AI refers, in general, to the capability of machines to simulate human cognitive processes. ML, a component of AI, enables algorithms to learn from data, whereas DL employs a multilayered neural network to learn from raw inputs.1 NLP, in parallel, supports the analysis of efficient clinical text data. Together, these technologies are increasingly applied to multidimensional datasets due to their potential to reshape clinical practice through workflow optimization and improved prognostic modeling.

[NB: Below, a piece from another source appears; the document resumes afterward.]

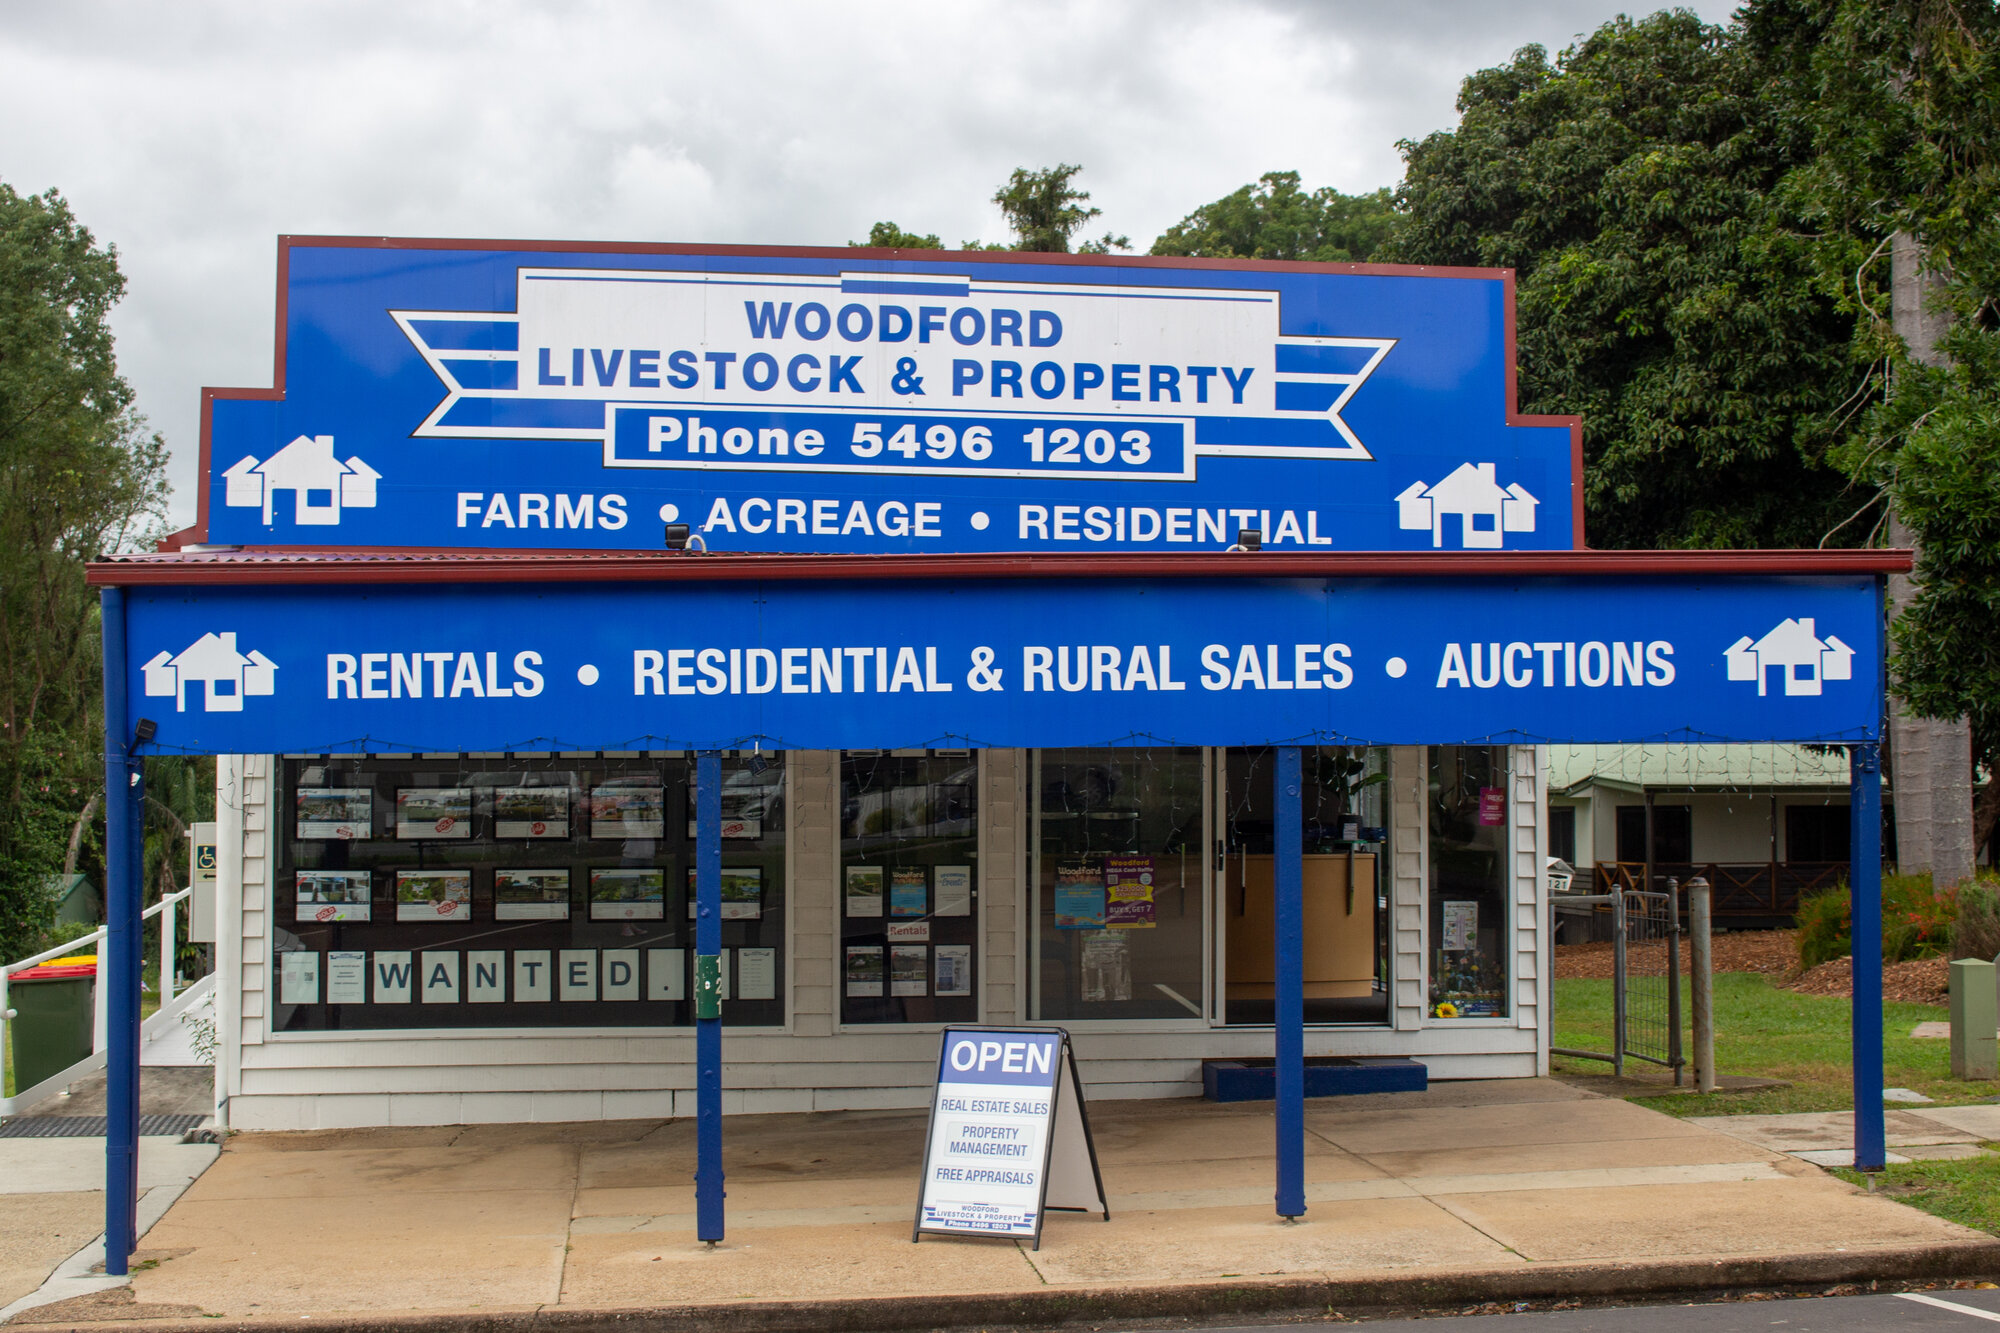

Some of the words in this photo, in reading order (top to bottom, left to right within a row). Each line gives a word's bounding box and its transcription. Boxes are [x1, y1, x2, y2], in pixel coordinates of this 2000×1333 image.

WHERE AI IS ALREADY CHANGING THE LANDSCAPE
AI has demonstrated substantial benefits across neuro care, from enabling early diagnosis to supporting patient-specific recovery. In a recent review by Toy et al.2 a growing number of AI models using pre-hospital data (vital signs, mechanism of injury, dispatcher narratives, etc.) were shown to aid early decisions in a more objective and data-driven triage, which could ensure severely injured patients are identified and transported to appropriate trauma centers. Most of these models employed ML (88%) alone or with DL or NLP and were used to predict the need for critical care interventions in 29% of the studies, 22% focused on triage assistance, and 20% on survival prediction. These AI systems can automatically analyze incoming data, extracting features from ambulance call transcripts, calculating trauma scores, or continuously monitoring vital sign trends, thereby providing real-time risk stratification to Emergency medical services (EMS) clinicians. Although this area is still emerging, the evidence suggests AI can complement field triage protocols and potentially improve outcomes by expediting definitive care.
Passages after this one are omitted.